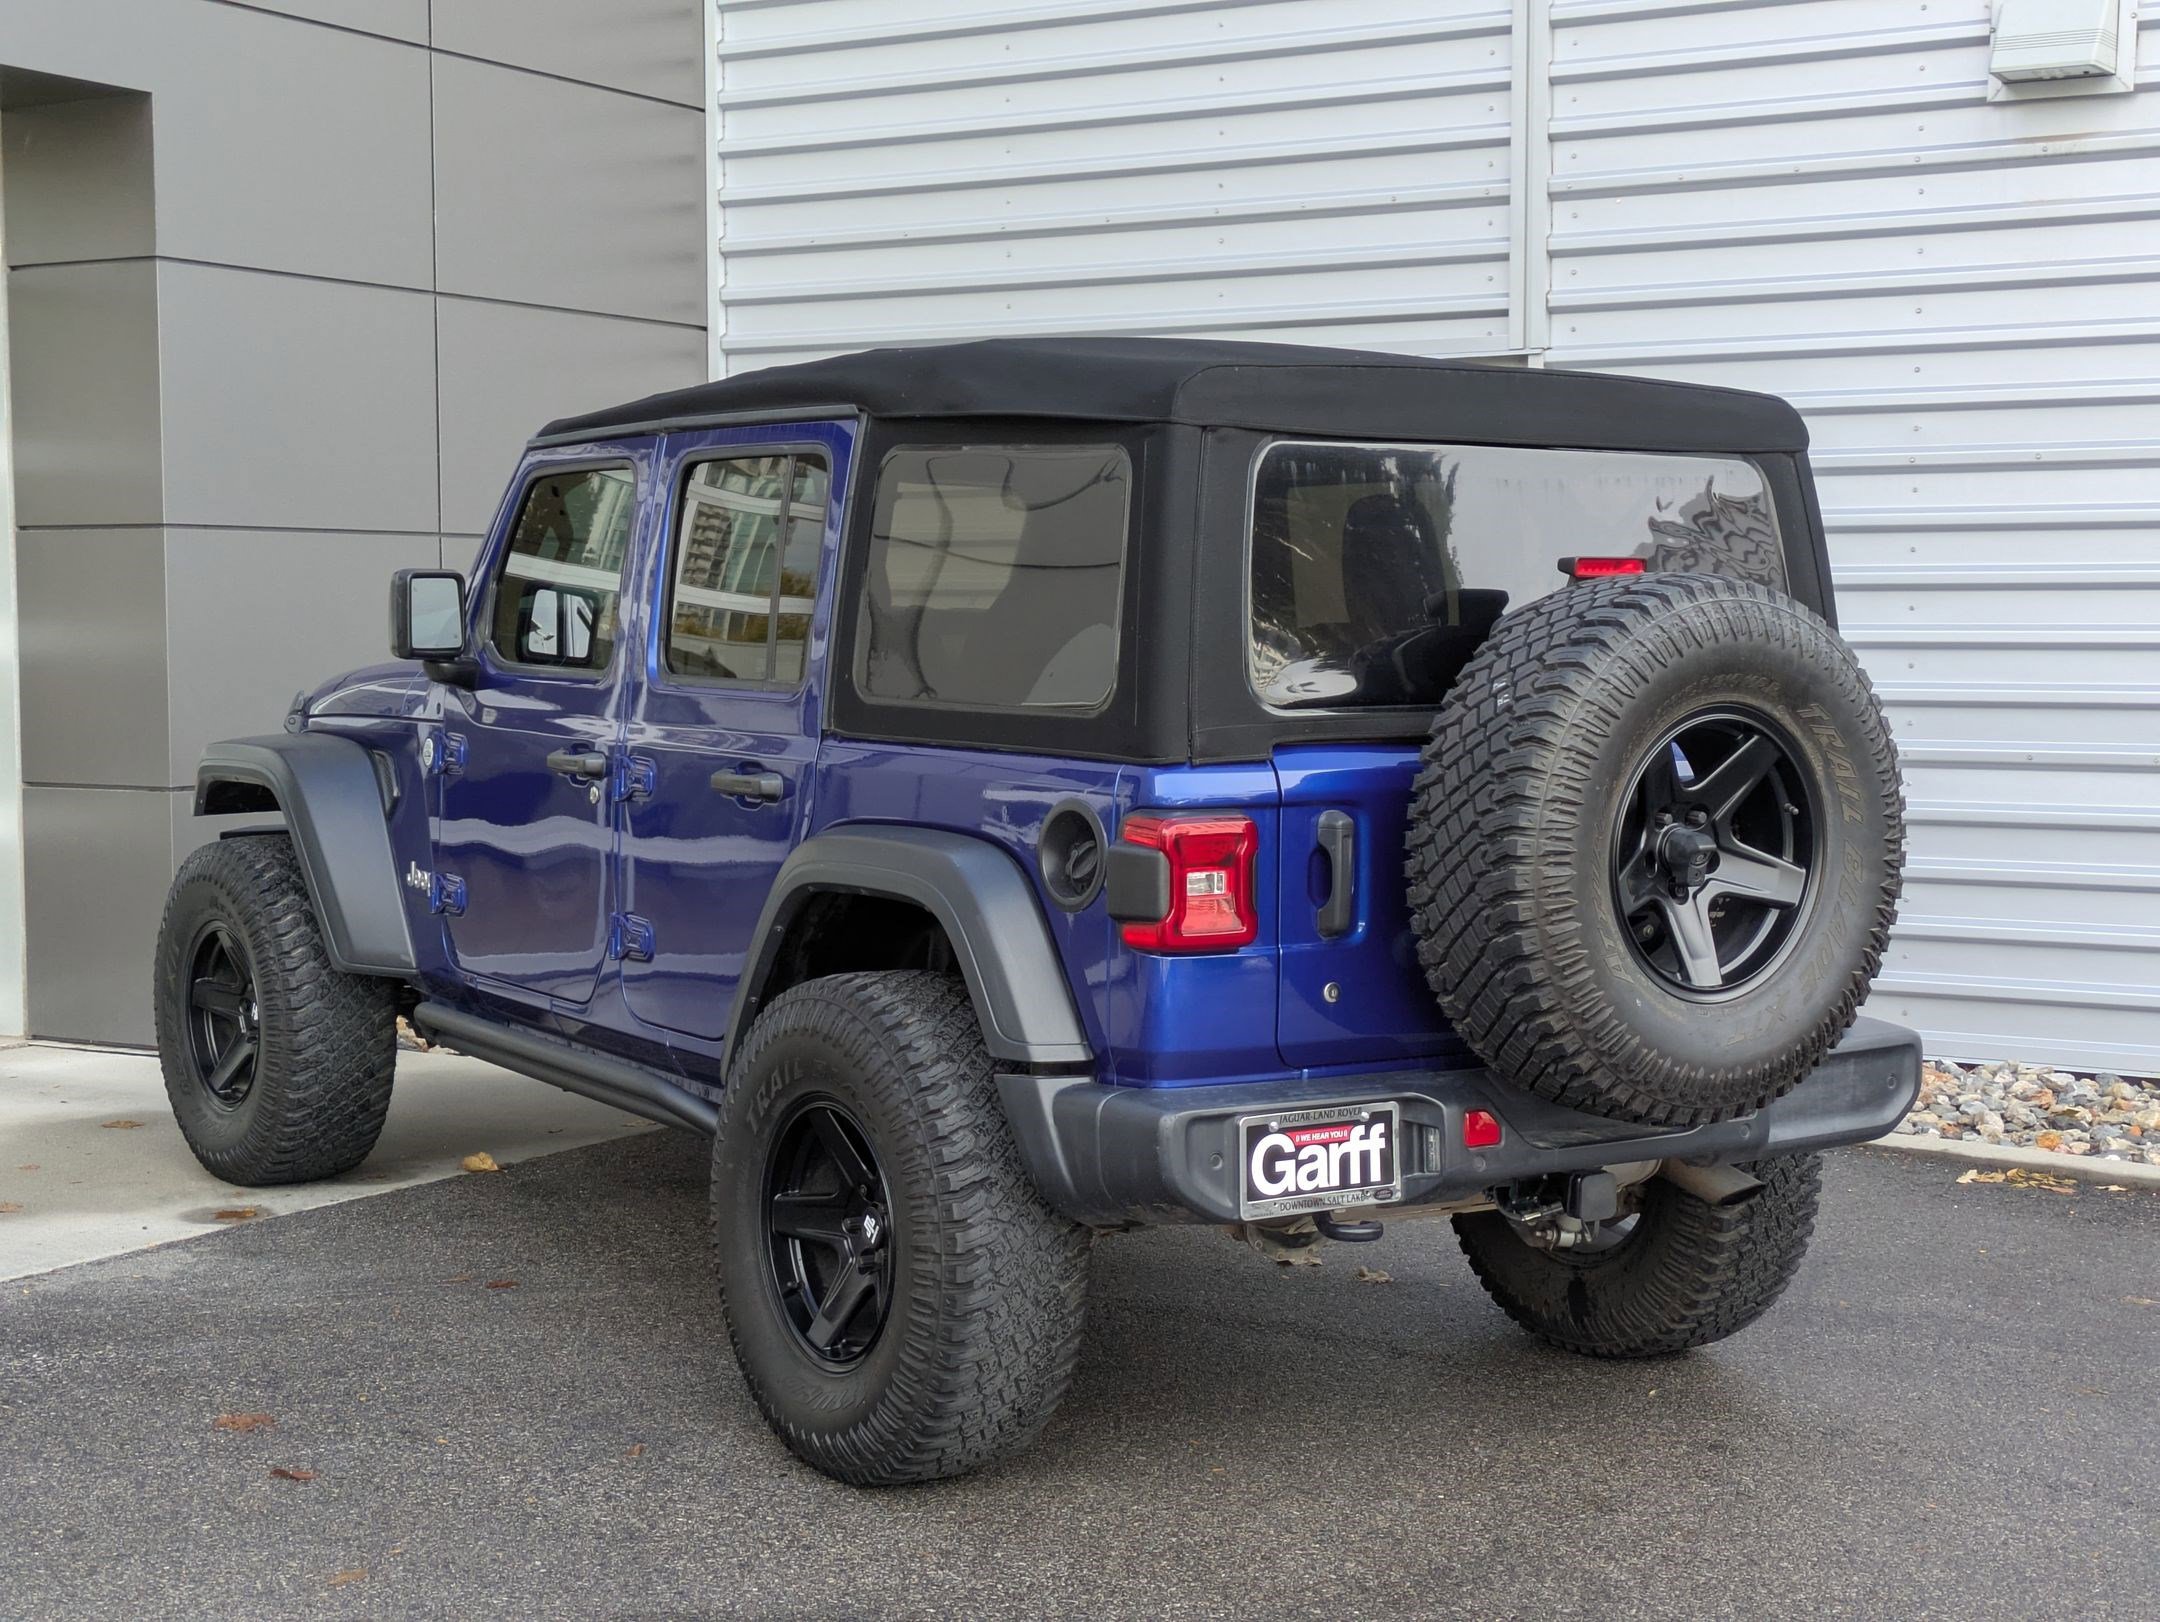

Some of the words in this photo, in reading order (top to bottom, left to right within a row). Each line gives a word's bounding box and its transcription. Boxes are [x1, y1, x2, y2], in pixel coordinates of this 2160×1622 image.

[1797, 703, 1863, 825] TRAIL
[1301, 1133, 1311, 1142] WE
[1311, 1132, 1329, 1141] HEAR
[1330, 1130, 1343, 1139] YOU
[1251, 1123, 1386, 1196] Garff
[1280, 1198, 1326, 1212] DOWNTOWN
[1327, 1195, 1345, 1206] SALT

□ □ □ □ □ □ □

Every entry belongs in the answer exactly as written, but no picture does.

Some of the words in this photo, in reading order (top to bottom, left to right within a row). Each line gives a word's bounding box and its transcription. Boxes are [x1, y1, x2, y2], in pixel coordinates of this 2160×1622 image.

[1797, 703, 1863, 825] TRAIL
[1301, 1133, 1311, 1142] WE
[1311, 1132, 1329, 1141] HEAR
[1330, 1130, 1343, 1139] YOU
[1251, 1123, 1386, 1196] Garff
[1280, 1198, 1326, 1212] DOWNTOWN
[1327, 1195, 1345, 1206] SALT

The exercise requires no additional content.